Ok I am replying to this, but I've read through it and I still have yet to see anything that has to do with MAKING SCOTT PILGRIM INTO A LIVE ACTION FILM, which for the sake of YOUR argument, is just about the same as making it into an animated film.
@Ao:
taking a popular series and animating it isn't creating, it's converting..
i don't see the need to adapt a comic that's fine as a comic to a similar medium.
I'd like to use Fooly Cooly here as example, which has a great animated series, as well as a totally different and equally awesome comic. Obviously the comic artist knows the best way to use the medium to it's best, as well as the animator who knows the best way to bring out the most in the animation. With enough creative juices, and a bit of artistic freedom, it's possible to create two different, yet equally awesome artistic pieces out of a similar plot.
comics aren't glorified storyboards for movies and cartoons, they're their own thing.
I was going to reply with HERPADURP I KNOW, but fuck it, you know what, they really are glorified storyboards. Just like animation and film are glorified, yet very very slow comics.
posting those shorts is counter to your argument considering all of those are original works and not based on anything else.
I wasn't arguing there, I was posting a video in order to better convey my idea that Scott Pilgrim would be awesome if animated in that style, and when people inquired, I posted the second video which didn't have much to do with anything.
i'm not even against adapting comics to animation per say, i just don't see the point in it; it almost always results in things being lost in translation. i don't see the point in adapting tv shows to movies, either.
The point is to enjoy a well known story, while experiencing the fruits of another medium, vision, or director.
a lot of it might come down to whether you're an animation or an illustration major/person? if you're an illustrator, the endgame just seems like a comic. there's a comic, it's there, it's done already. if you're an animation major, you just feel like it's incomplete to have the stuff on pages and not in motion, i guess. if there was a cartoon using the style or written and headed by o'malley, that'd be awesome, but literally adapting the comic seems pointless since it already exist in a perfect enough form.
Since I make both, comic and animation, I don't really have that preference. In fact, I became an animation major so that I could become better at making comics.
This particular segment here reminds me of Michelangelo, who considered Sculpture to be the highest form of art. Truthfully, if you were standing in front of David, it'd be difficult to conceive that a painter could recreate it in a way that would equal the original. But if a painter though he could, why would you stop him? If he fails, then that's that, but if he succeeds, then you then have two fantastic works of art.

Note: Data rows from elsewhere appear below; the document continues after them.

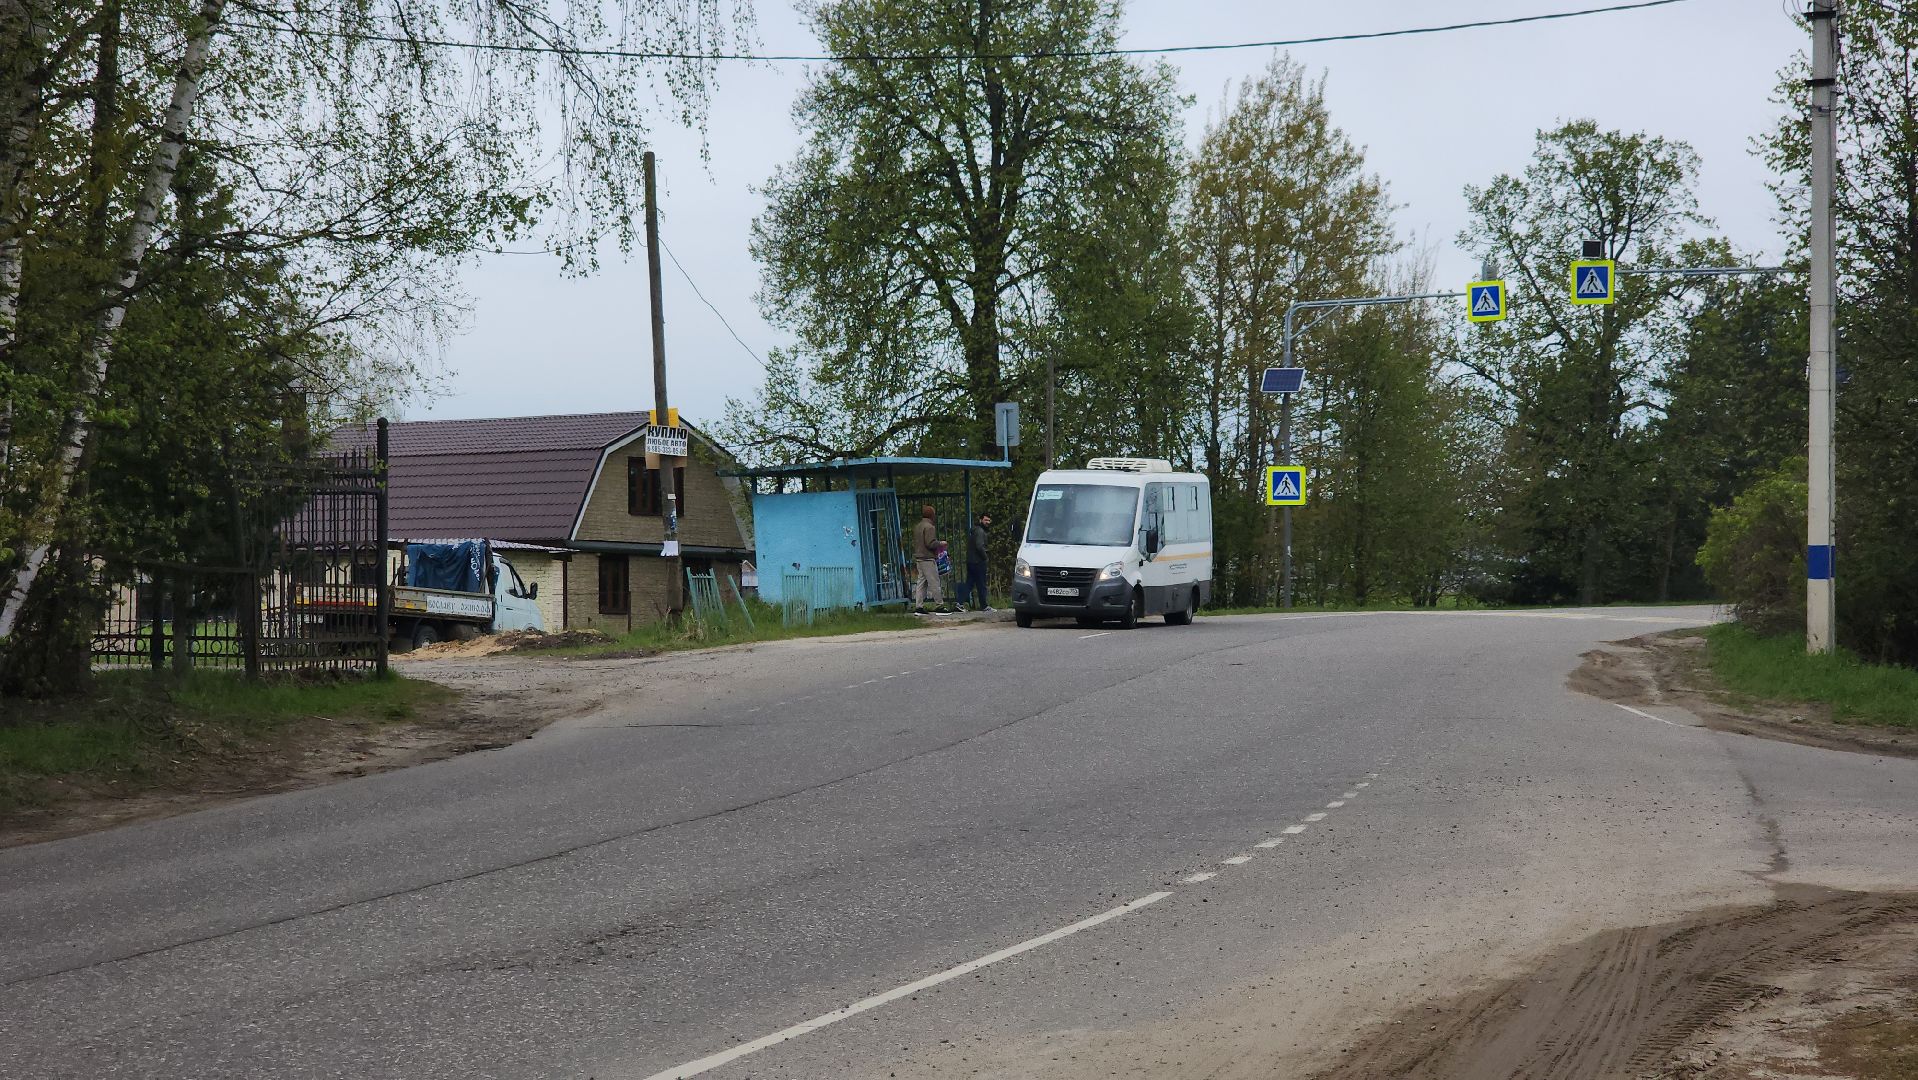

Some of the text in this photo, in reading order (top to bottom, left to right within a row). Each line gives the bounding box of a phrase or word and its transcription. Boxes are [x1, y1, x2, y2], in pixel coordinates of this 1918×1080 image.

[647, 426, 688, 439] КУПЛЮ
[647, 438, 687, 448] ЛЮБОЕ АВТО
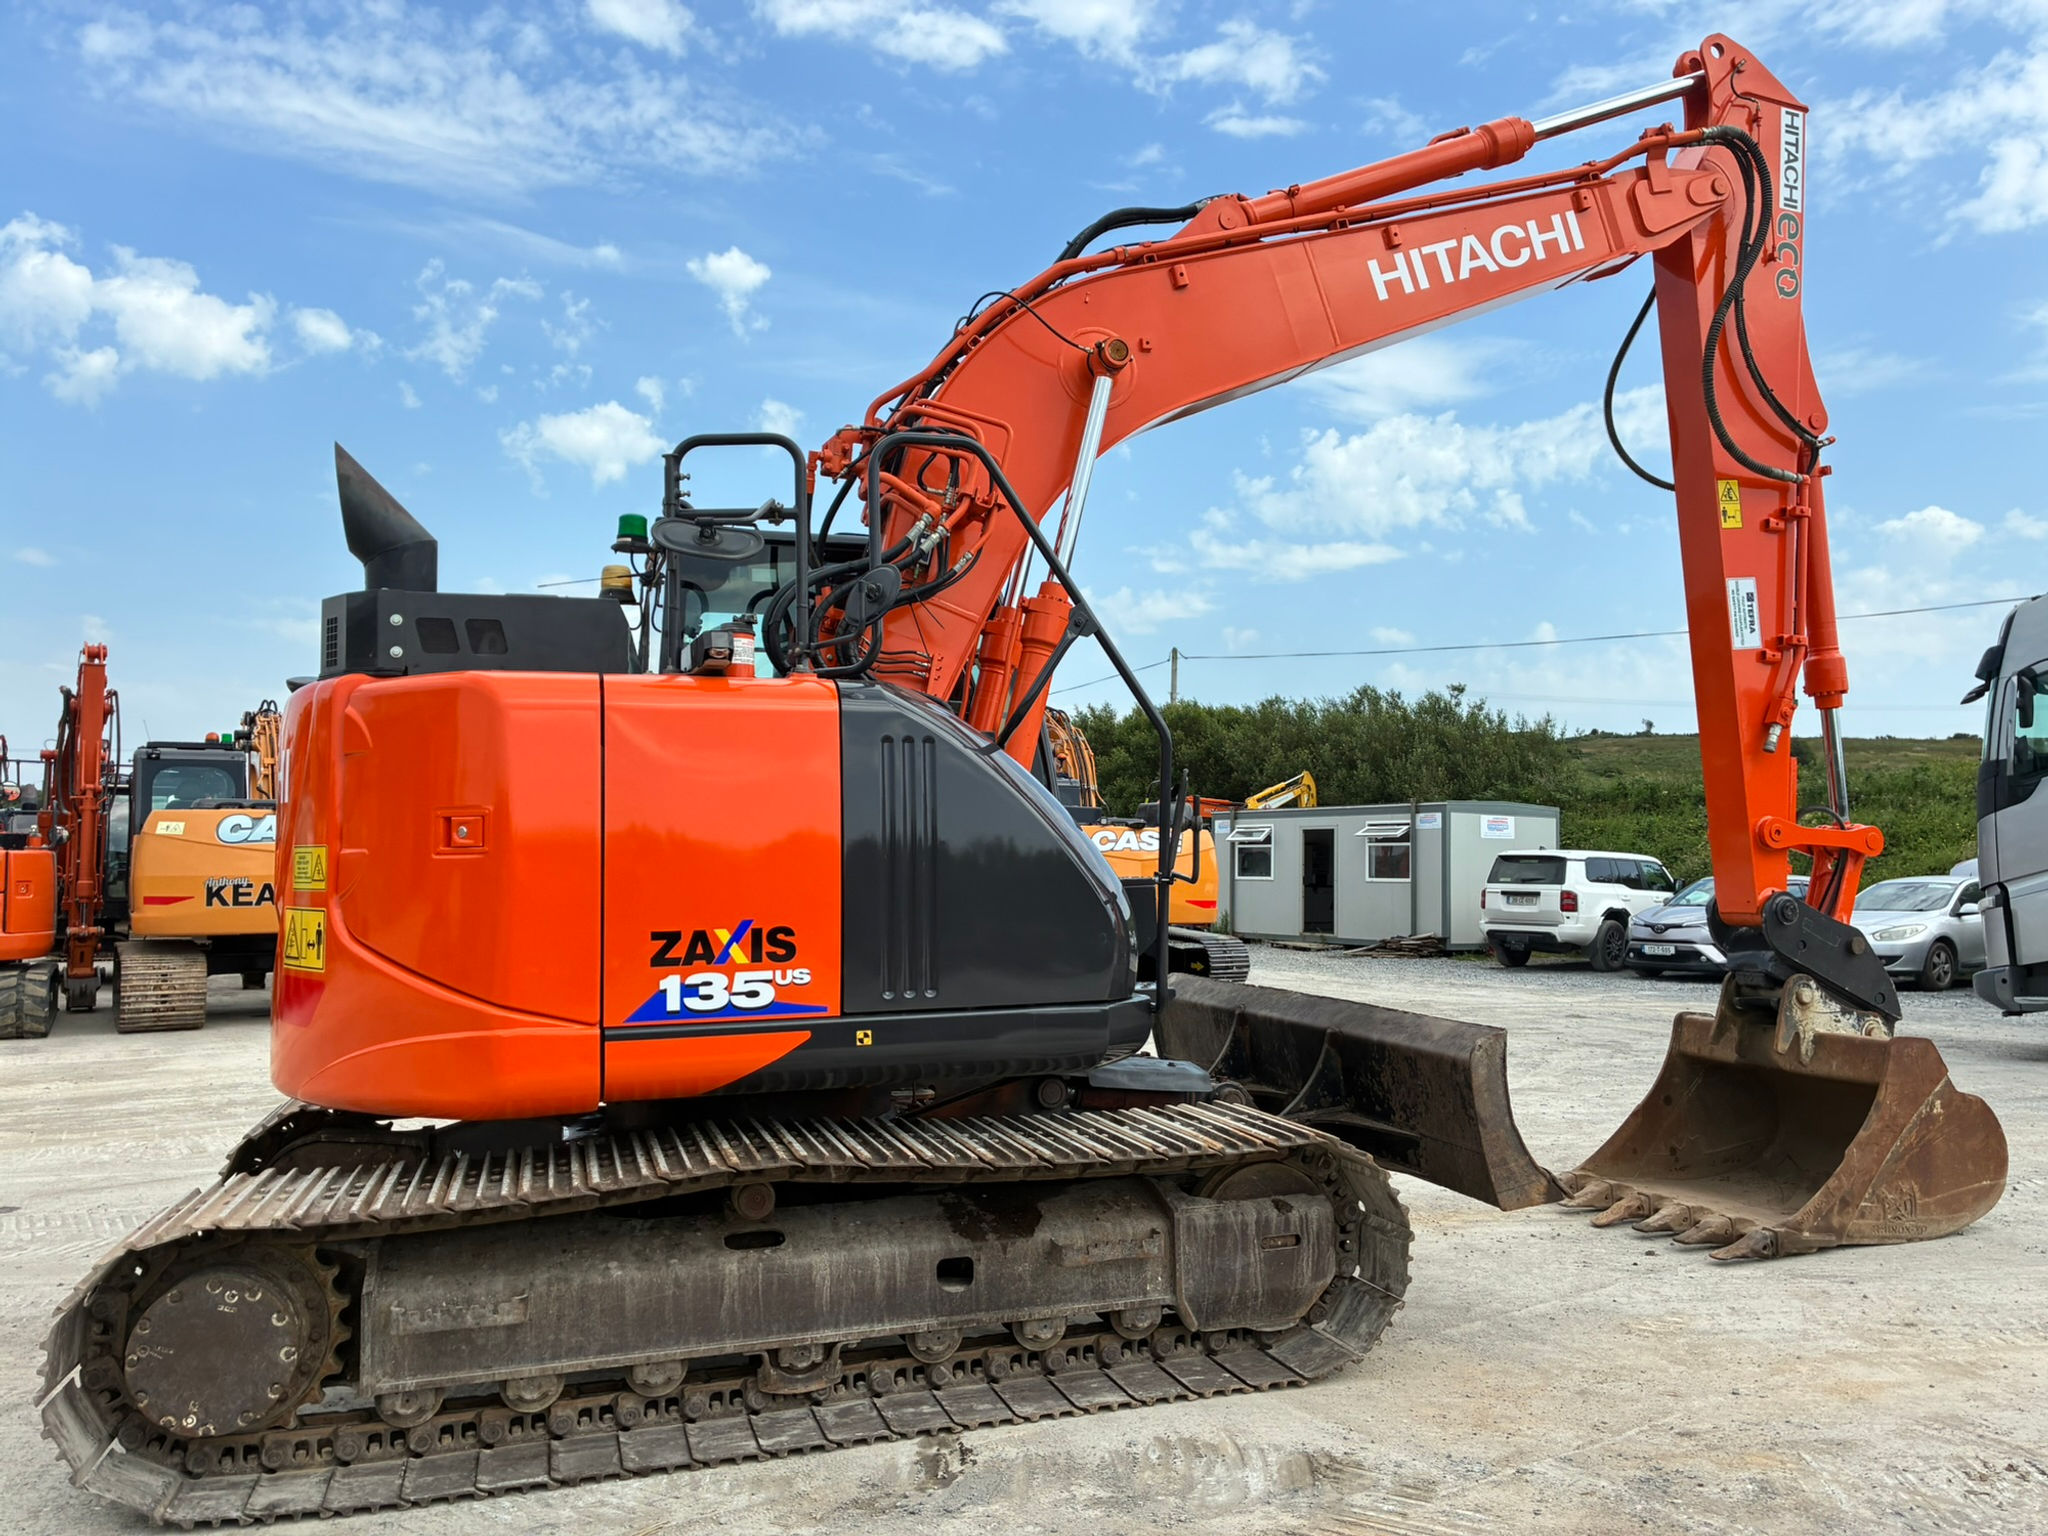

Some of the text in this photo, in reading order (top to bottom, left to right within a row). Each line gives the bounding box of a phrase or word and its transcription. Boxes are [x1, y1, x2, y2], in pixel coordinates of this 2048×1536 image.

[1784, 110, 1800, 210] HITACHI
[1367, 210, 1585, 301] HITACHI
[1747, 602, 1756, 634] TEFRA
[1090, 829, 1183, 853] CAS
[650, 919, 797, 968] ZAXIS
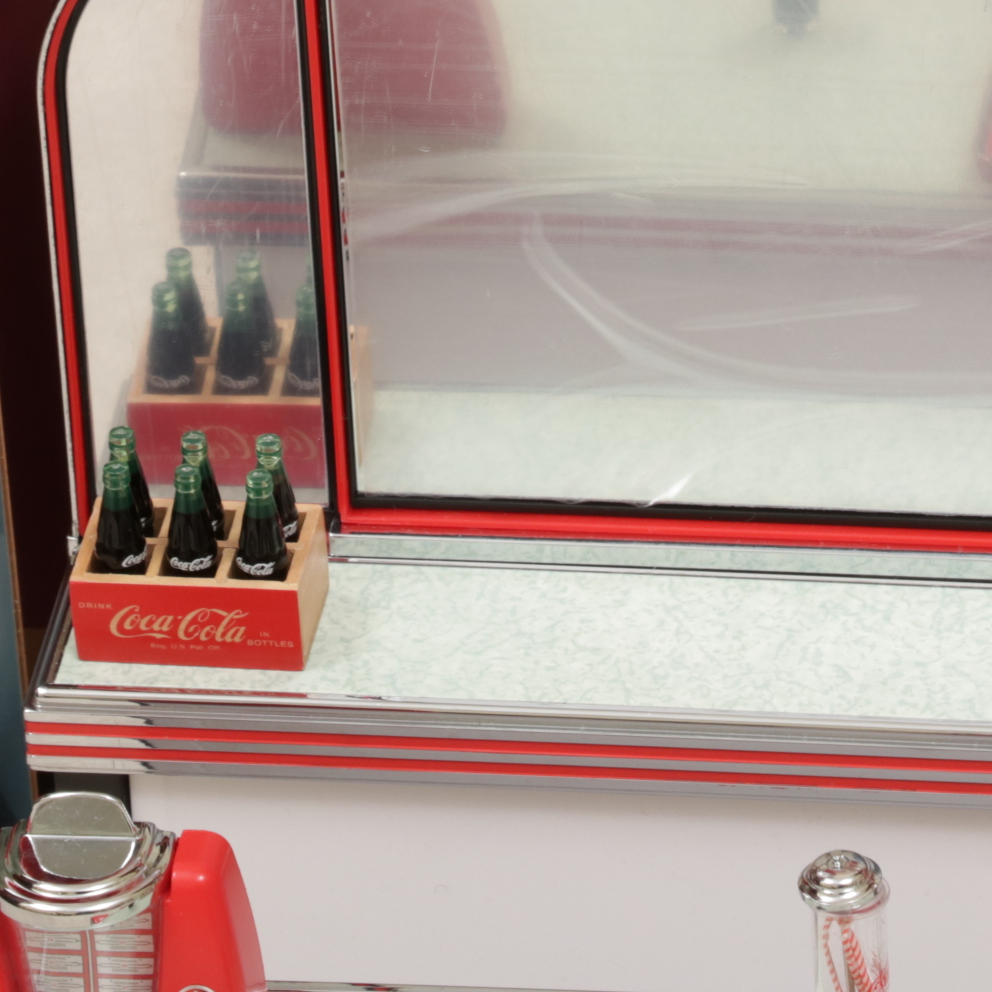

i don't understand the use of the word 'iconic' here,
i'm using iconic in the sense that the character, scott pilgrim, is stylized in such a simple and visually pleasing way, that he himself could be an icon of the series
but it's not that 'action-packed' for an action comic. a lot of it is gag-based comedy, romantic moments, and even the action scenes are over pretty quick and done in a semi-goofy sort of way half the time. i don't think there's been a single serious and intense fight in the entire series so far…maybe ramona's battles? scott literally wins a battle when the other dude skates so fast he ignites. that's not exactly enter the dragon material...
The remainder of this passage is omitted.